The required output is the exact sequence of lines from the line holding "this 1365×2048 image." to the end of the records, inclusive.

*** Records shown Section Begins ***

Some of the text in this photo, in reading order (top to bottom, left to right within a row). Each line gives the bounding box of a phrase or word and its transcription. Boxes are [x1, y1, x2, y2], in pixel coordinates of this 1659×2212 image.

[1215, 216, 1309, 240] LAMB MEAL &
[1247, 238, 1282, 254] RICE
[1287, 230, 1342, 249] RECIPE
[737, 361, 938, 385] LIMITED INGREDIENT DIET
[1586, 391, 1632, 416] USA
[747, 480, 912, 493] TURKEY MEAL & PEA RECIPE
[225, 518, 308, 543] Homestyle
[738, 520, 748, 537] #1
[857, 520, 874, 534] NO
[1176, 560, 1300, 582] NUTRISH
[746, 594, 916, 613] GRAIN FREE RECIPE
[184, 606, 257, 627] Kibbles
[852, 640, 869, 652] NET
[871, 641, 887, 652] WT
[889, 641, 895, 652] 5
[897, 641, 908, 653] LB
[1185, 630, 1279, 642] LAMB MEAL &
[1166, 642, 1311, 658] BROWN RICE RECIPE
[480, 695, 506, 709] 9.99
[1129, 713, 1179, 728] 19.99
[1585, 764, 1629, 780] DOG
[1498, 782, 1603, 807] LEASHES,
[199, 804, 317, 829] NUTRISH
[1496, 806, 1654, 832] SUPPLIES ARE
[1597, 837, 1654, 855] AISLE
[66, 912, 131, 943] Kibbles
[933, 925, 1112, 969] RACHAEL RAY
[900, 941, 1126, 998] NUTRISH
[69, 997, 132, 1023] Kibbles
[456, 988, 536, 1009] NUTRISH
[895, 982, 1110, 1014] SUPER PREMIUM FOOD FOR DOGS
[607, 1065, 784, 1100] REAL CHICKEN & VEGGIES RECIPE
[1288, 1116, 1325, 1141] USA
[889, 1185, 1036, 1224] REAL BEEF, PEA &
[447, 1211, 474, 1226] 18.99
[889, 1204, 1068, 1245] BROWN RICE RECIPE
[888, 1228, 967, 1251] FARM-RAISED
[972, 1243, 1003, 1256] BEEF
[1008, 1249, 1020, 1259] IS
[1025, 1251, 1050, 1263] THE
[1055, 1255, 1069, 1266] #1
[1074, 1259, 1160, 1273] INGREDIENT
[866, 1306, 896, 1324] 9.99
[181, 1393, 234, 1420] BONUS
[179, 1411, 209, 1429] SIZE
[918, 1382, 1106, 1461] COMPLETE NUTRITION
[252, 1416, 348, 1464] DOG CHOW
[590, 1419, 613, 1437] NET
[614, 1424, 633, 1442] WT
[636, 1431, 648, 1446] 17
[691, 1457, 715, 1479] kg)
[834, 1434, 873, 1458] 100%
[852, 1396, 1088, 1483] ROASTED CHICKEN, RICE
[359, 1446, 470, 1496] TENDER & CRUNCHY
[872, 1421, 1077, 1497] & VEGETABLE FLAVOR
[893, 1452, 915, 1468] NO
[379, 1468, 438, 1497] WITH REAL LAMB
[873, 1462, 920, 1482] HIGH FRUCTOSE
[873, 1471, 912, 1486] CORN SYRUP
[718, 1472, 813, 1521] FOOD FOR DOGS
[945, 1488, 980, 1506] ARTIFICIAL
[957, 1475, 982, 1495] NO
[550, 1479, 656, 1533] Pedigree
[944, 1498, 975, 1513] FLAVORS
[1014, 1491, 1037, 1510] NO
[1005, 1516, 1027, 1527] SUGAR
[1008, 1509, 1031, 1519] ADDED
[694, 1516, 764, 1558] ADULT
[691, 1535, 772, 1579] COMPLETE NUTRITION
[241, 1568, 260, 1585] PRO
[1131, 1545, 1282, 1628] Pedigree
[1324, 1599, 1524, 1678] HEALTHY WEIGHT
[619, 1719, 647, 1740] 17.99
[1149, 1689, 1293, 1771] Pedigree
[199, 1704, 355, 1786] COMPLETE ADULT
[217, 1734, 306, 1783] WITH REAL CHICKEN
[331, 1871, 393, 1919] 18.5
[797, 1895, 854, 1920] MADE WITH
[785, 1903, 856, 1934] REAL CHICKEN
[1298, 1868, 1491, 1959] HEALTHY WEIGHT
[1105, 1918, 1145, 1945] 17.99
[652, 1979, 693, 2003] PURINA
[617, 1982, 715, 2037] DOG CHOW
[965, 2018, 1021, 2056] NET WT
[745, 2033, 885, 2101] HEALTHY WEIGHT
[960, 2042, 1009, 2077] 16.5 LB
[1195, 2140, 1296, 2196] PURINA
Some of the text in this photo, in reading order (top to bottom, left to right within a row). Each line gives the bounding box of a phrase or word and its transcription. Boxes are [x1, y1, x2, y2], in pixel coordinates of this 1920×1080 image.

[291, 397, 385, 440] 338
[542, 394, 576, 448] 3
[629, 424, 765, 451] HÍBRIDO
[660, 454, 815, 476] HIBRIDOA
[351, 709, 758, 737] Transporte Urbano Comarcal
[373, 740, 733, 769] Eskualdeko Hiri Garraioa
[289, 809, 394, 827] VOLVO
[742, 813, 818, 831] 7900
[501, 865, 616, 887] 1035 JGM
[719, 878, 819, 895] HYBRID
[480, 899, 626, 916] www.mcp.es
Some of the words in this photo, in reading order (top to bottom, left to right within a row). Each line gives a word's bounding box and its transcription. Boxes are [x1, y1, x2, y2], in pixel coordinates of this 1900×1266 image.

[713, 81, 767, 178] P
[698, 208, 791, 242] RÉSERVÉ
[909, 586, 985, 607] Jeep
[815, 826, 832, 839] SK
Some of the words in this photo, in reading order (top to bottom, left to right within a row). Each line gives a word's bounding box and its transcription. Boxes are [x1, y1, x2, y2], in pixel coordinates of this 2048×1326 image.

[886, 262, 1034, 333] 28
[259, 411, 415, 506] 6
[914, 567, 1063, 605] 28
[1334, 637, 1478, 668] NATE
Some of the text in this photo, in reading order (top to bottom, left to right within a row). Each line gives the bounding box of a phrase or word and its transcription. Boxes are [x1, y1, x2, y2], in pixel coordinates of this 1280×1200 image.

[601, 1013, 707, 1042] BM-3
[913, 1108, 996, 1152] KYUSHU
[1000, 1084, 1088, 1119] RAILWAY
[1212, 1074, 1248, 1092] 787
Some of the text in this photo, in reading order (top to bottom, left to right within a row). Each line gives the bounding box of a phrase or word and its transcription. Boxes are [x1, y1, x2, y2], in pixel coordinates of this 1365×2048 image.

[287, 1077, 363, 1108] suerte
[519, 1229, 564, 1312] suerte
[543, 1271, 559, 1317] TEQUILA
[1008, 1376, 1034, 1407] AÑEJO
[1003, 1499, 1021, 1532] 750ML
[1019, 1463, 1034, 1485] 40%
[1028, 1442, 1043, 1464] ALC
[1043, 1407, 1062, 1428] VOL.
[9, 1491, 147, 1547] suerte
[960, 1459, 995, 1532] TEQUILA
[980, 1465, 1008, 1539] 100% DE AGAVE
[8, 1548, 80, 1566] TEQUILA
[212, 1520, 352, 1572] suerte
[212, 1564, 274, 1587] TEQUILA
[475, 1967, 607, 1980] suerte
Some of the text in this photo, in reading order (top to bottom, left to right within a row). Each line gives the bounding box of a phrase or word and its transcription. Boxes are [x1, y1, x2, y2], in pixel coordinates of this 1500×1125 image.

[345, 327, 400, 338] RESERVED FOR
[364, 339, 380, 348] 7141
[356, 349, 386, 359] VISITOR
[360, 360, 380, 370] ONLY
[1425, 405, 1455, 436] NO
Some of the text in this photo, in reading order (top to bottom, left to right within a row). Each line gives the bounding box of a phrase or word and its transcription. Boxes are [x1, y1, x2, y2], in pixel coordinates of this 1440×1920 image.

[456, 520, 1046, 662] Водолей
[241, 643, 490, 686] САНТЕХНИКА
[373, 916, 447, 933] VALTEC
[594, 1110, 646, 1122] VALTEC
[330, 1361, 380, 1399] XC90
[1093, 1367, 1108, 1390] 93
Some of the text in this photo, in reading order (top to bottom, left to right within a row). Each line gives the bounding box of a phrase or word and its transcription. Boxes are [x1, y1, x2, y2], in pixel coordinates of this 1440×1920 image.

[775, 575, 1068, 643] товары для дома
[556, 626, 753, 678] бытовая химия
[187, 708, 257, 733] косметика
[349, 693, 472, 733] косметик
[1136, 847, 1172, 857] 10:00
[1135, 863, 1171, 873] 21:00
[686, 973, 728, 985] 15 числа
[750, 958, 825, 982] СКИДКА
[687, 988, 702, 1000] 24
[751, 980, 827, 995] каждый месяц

*** Records shown Section Ends ***

▶ _Result_
Some of the text in this photo, in reading order (top to bottom, left to right within a row). Each line gives the bounding box of a phrase or word and its transcription. Boxes are [x1, y1, x2, y2], in pixel coordinates of this 1365×2048 image.

[287, 1077, 363, 1108] suerte
[519, 1229, 564, 1312] suerte
[543, 1271, 559, 1317] TEQUILA
[1008, 1376, 1034, 1407] AÑEJO
[1003, 1499, 1021, 1532] 750ML
[1019, 1463, 1034, 1485] 40%
[1028, 1442, 1043, 1464] ALC
[1043, 1407, 1062, 1428] VOL.
[9, 1491, 147, 1547] suerte
[960, 1459, 995, 1532] TEQUILA
[980, 1465, 1008, 1539] 100% DE AGAVE
[8, 1548, 80, 1566] TEQUILA
[212, 1520, 352, 1572] suerte
[212, 1564, 274, 1587] TEQUILA
[475, 1967, 607, 1980] suerte
Some of the text in this photo, in reading order (top to bottom, left to right within a row). Each line gives the bounding box of a phrase or word and its transcription. Boxes are [x1, y1, x2, y2], in pixel coordinates of this 1500×1125 image.

[345, 327, 400, 338] RESERVED FOR
[364, 339, 380, 348] 7141
[356, 349, 386, 359] VISITOR
[360, 360, 380, 370] ONLY
[1425, 405, 1455, 436] NO
Some of the text in this photo, in reading order (top to bottom, left to right within a row). Each line gives the bounding box of a phrase or word and its transcription. Boxes are [x1, y1, x2, y2], in pixel coordinates of this 1440×1920 image.

[456, 520, 1046, 662] Водолей
[241, 643, 490, 686] САНТЕХНИКА
[373, 916, 447, 933] VALTEC
[594, 1110, 646, 1122] VALTEC
[330, 1361, 380, 1399] XC90
[1093, 1367, 1108, 1390] 93
Some of the text in this photo, in reading order (top to bottom, left to right within a row). Each line gives the bounding box of a phrase or word and its transcription. Boxes are [x1, y1, x2, y2], in pixel coordinates of this 1440×1920 image.

[775, 575, 1068, 643] товары для дома
[556, 626, 753, 678] бытовая химия
[187, 708, 257, 733] косметика
[349, 693, 472, 733] косметик
[1136, 847, 1172, 857] 10:00
[1135, 863, 1171, 873] 21:00
[686, 973, 728, 985] 15 числа
[750, 958, 825, 982] СКИДКА
[687, 988, 702, 1000] 24
[751, 980, 827, 995] каждый месяц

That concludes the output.